As mentioned earlier, in collaboration with CELT, the senior management team tried to support those novice teachers by creating and proposing a somewhat idealistic scenario, derived from the previous Edu 4.0 teaching approach (see the envisaged online teaching activity in the middle-top of Figure 5). However, neither technical and pedagogical resources necessary for producing high-quality learning materials nor the dedicated staff (i.e. CELT members and teacher assistants) available in the previous Edu 4.0 teaching activity systems were provided. The envisaged activity system recommended that expert and novice teachers work together as a supportive community where expert teachers share their pre-made video lectures with novice teachers teaching similar content. This was an attempt to minimalize the labour and resources needed for novice teachers to sustain the university's teaching activity while maintaining its minimum level of quality of their online teaching. However, it did not work out as envisaged.
Participant 4, a novice teacher, did not reach out to his expert colleagues:
I didn't have any person holding my hand. So, I was like really intimidated by the Zoom thing ... Everyone is struggling with their own work. So, "I'll try to manage on my own." That was the kind of feeling I had.
Although Participant 3 found having an informal conversation with his (in his words) "close friend" helpful, his experience was not too different from Participant 4's:
My department ... most of us were in the same situation. We were first time teaching online. And so, we could share our experience for the first two weeks and see which way makes the situation better. But, I didn't get advice from very experienced people.

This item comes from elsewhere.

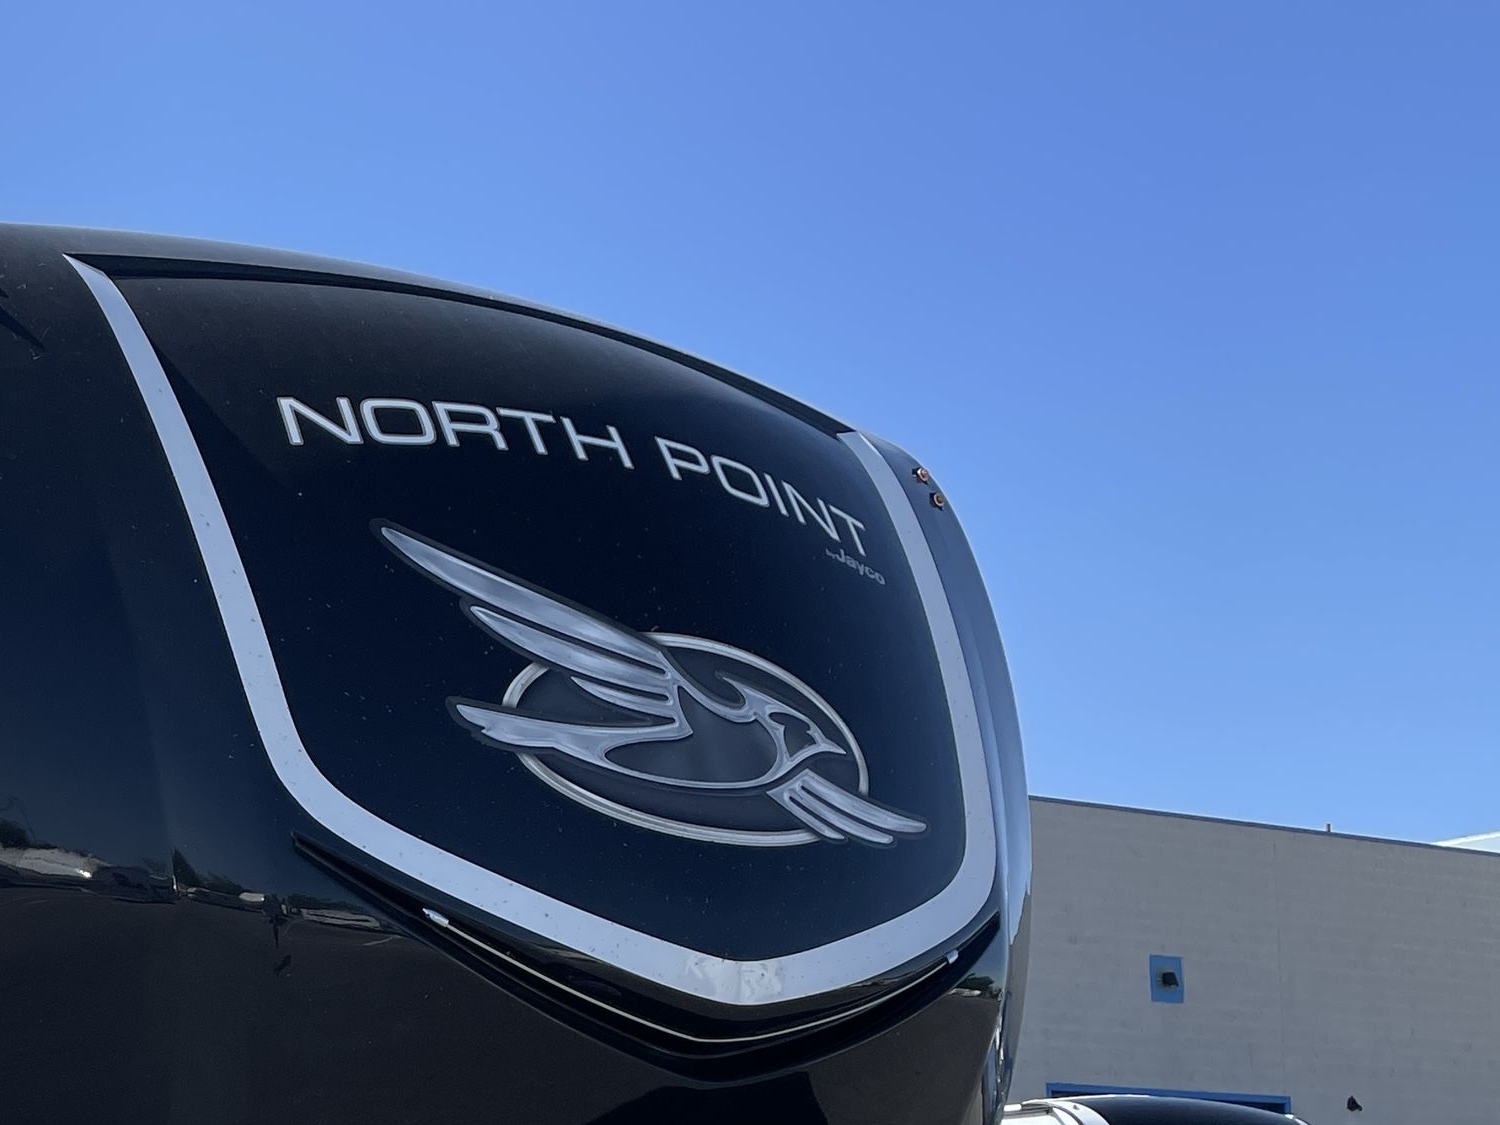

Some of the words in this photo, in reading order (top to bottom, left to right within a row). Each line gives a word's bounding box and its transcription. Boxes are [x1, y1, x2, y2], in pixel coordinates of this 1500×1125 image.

[278, 396, 633, 470] NORTH
[656, 436, 867, 558] POINT
[838, 548, 886, 585] Jayco
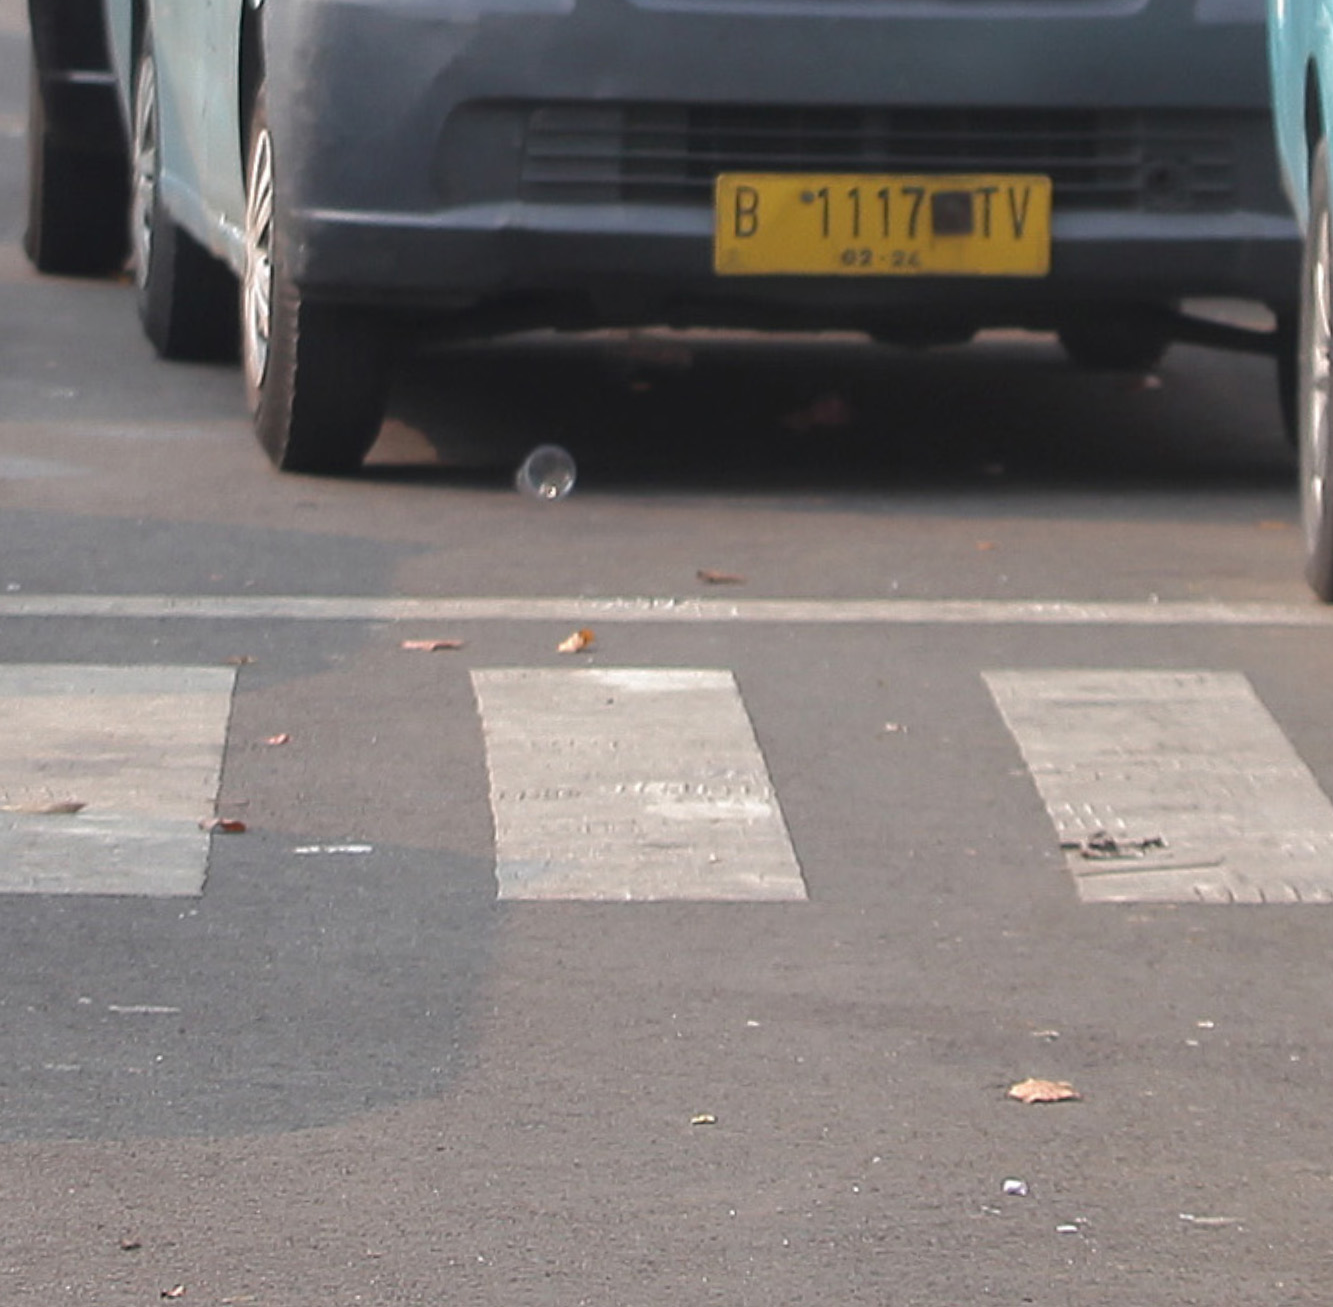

In addition, most novice teachers felt hesitant to use video lectures made by others and subsequently decided to produce their own lecture videos (or teach classes on Zoom).
Even though [the video lecture] is the topic I need to teach, what I think should be taught [is different], and it's not your style, you can't really [give up] your teaching style. Although there are books, I didn't opt for a book that other people would probably grab. I wanted to kind of make my own textbook [and lectures]. (Participant 4)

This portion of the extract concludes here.